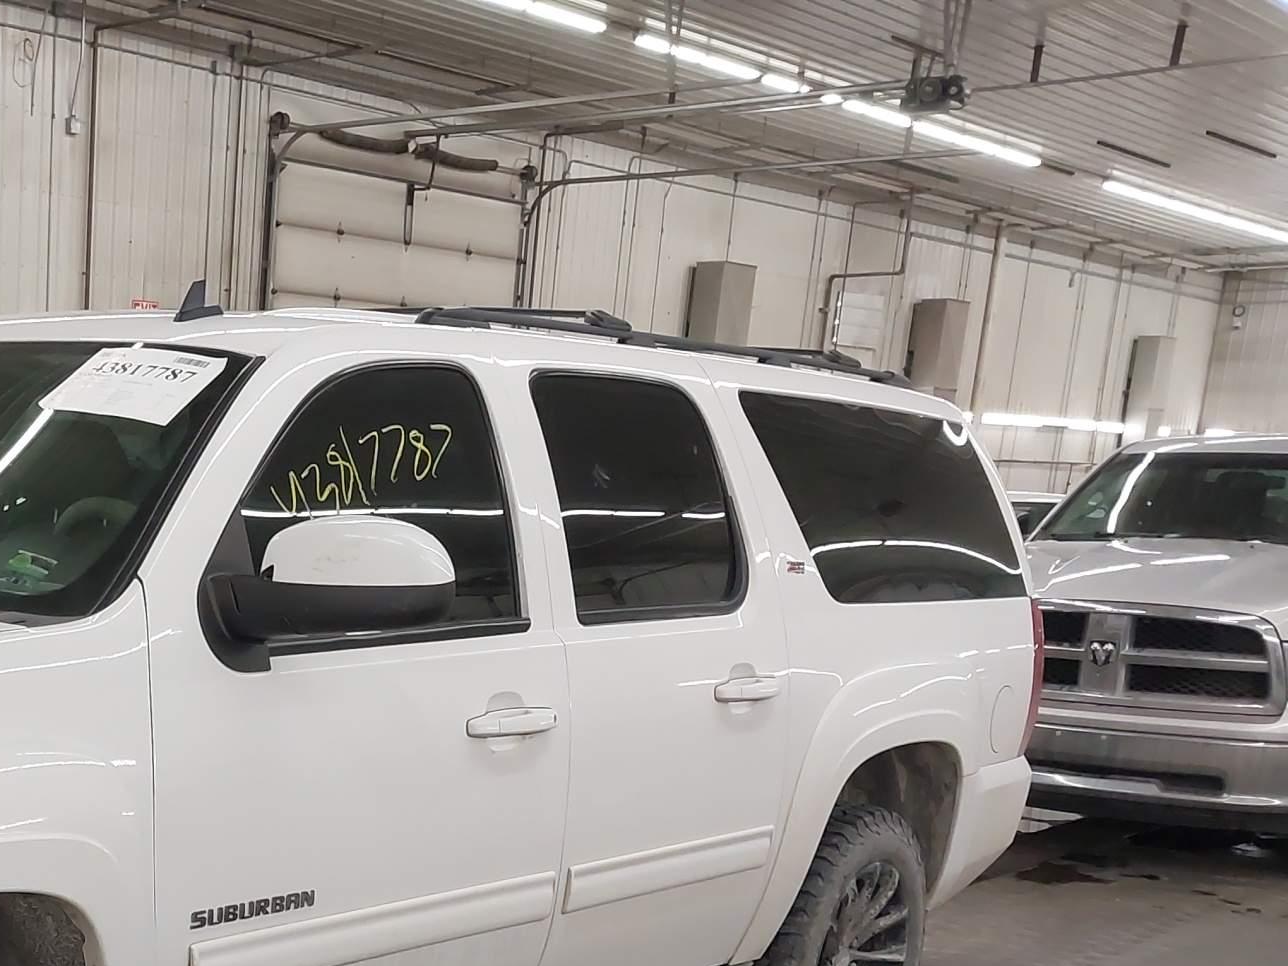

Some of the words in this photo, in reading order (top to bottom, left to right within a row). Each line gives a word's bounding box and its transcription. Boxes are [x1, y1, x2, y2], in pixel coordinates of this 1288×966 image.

[92, 361, 198, 383] 43817787
[270, 424, 452, 519] 43817787
[189, 889, 316, 930] SUBURBAN
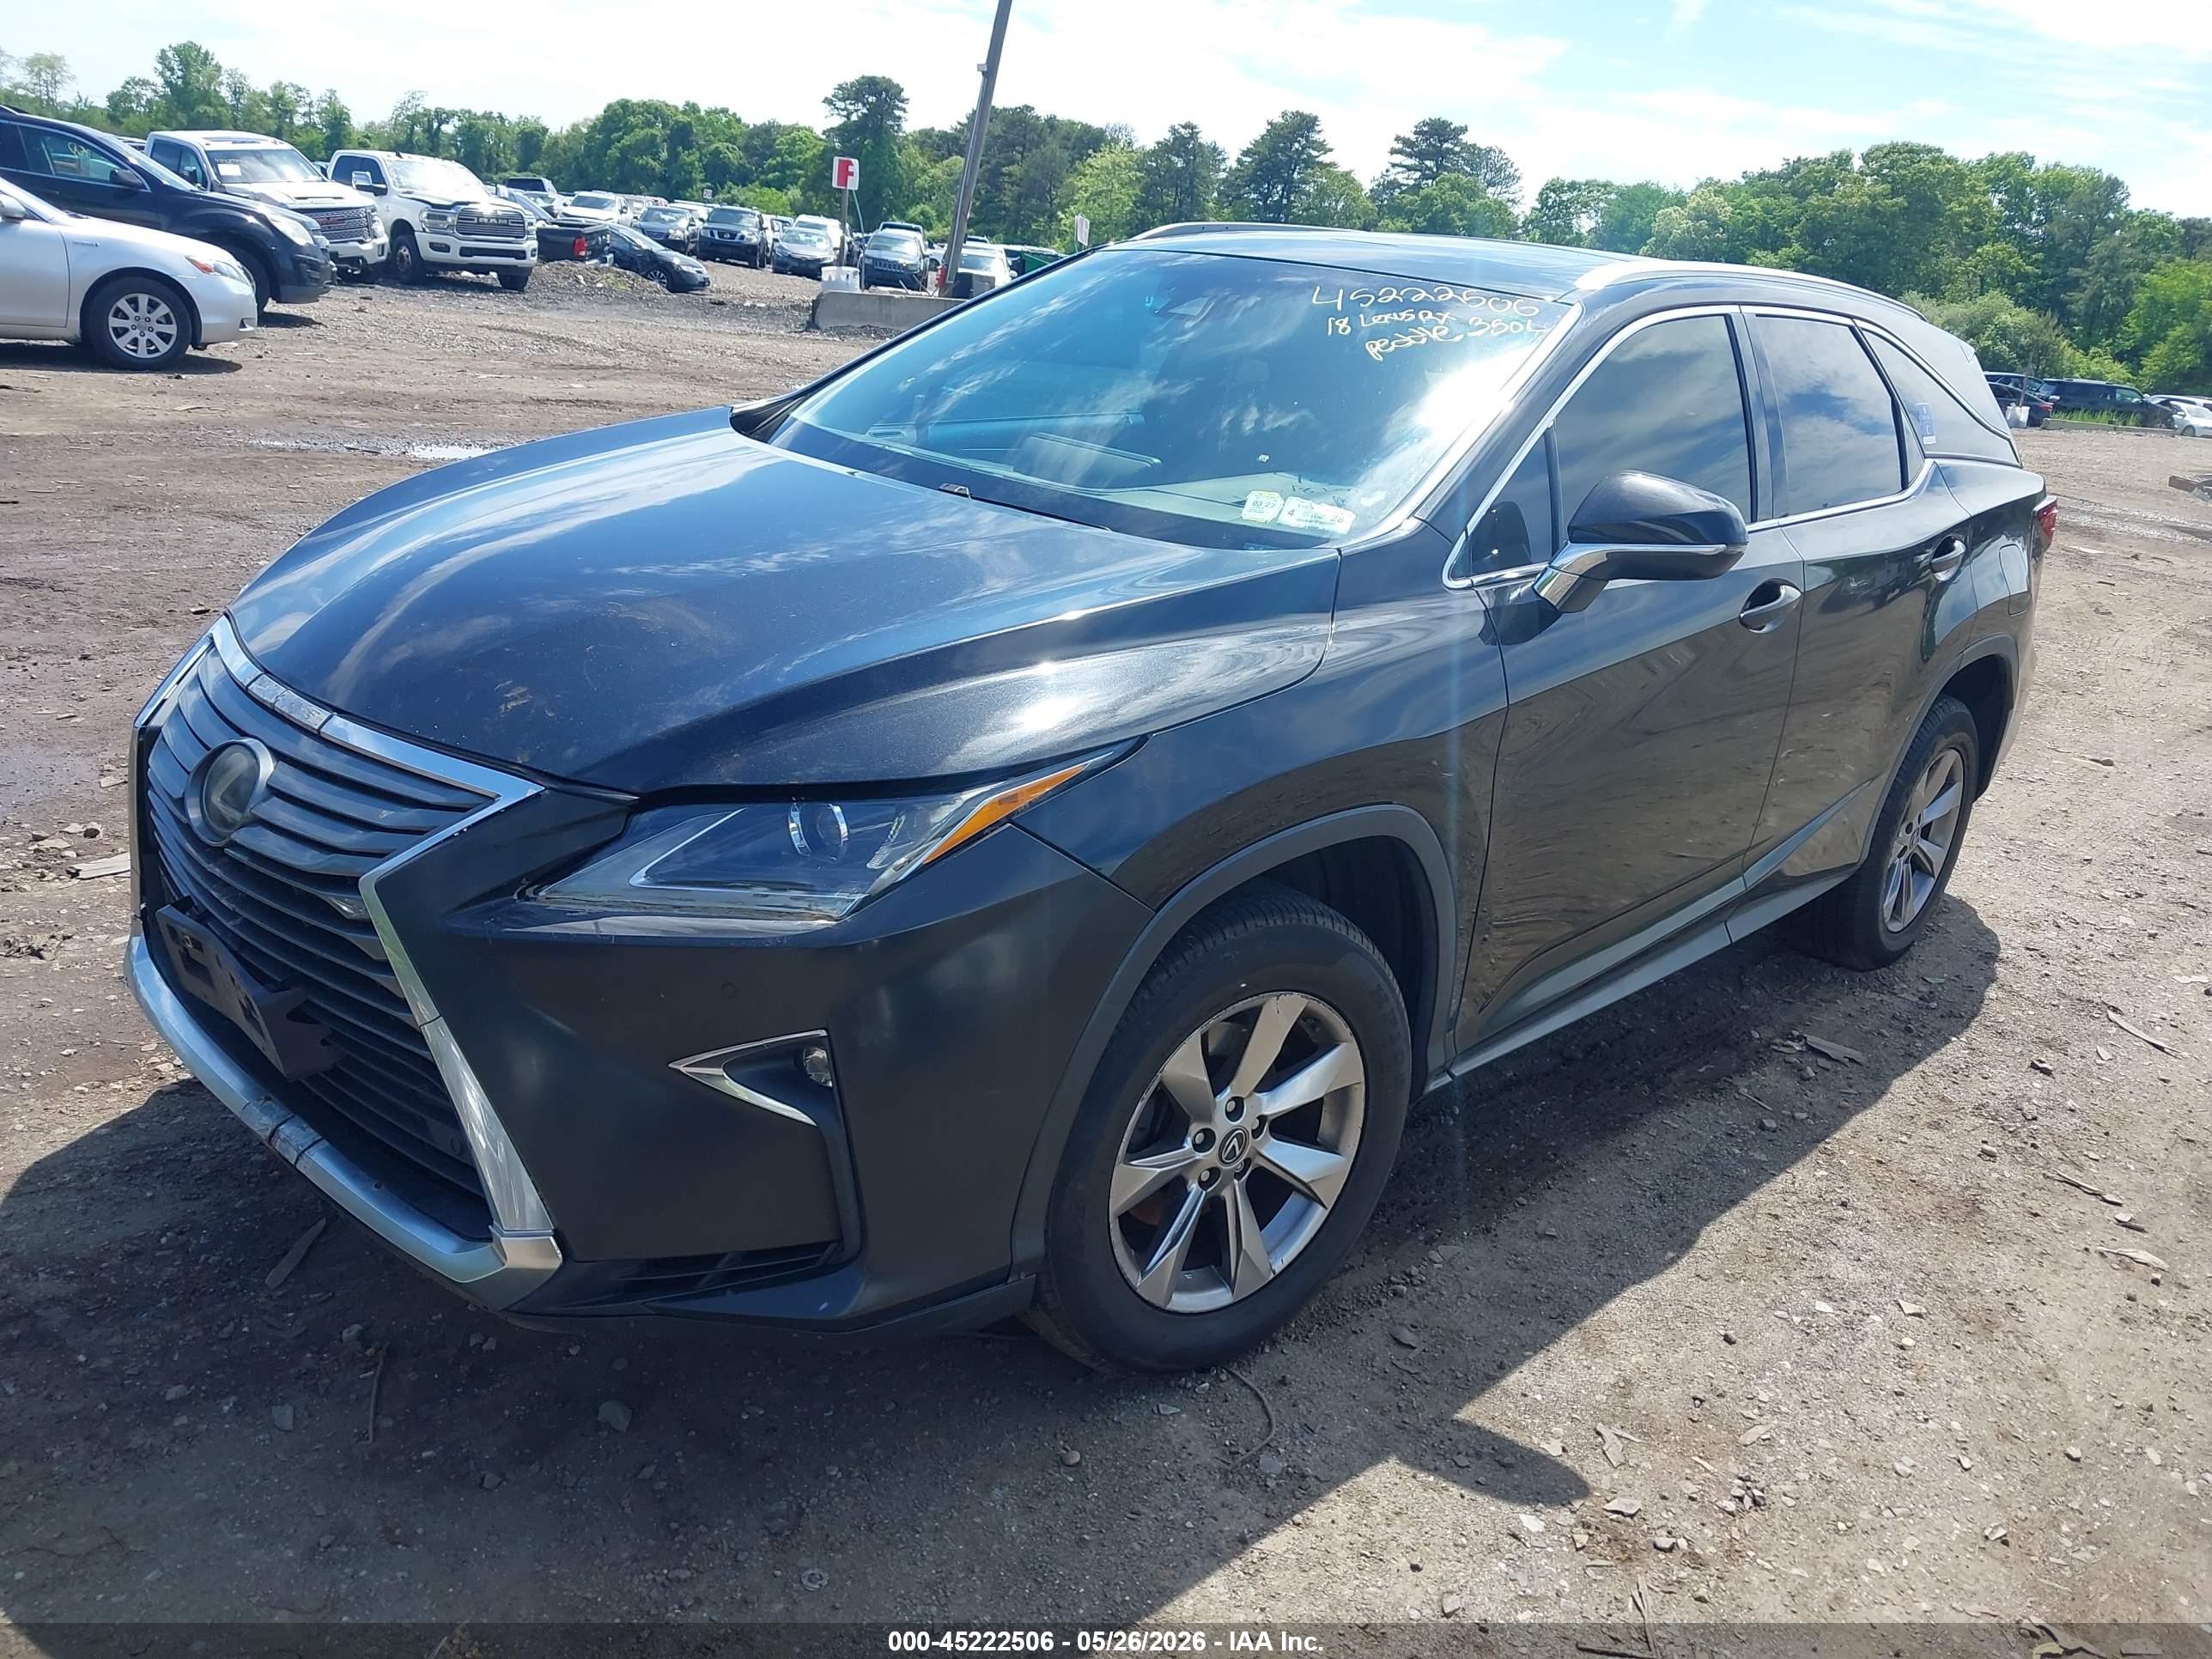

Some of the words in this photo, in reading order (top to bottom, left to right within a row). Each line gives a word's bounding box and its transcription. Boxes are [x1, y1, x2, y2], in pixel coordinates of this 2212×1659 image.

[837, 159, 854, 187] F
[1311, 285, 1540, 317] 45222506
[1327, 316, 1352, 337] 18

### [What the task asks]
Retype every entry word for word, but do not carry over the pictures.

### [Output]
Some of the words in this photo, in reading order (top to bottom, left to right within a row). Each line gives a word's bounding box and its transcription. Boxes are [x1, y1, x2, y2], in pixel coordinates of this 1288×966 image.

[92, 361, 198, 383] 43817787
[270, 424, 452, 519] 43817787
[189, 889, 316, 930] SUBURBAN

Some of the words in this photo, in reading order (top to bottom, left to right within a row). Each line gives a word's bounding box and its transcription. Boxes are [x1, y1, x2, y2], in pixel coordinates of this 2212×1659 image.

[837, 159, 854, 187] F
[1311, 285, 1540, 317] 45222506
[1327, 316, 1352, 337] 18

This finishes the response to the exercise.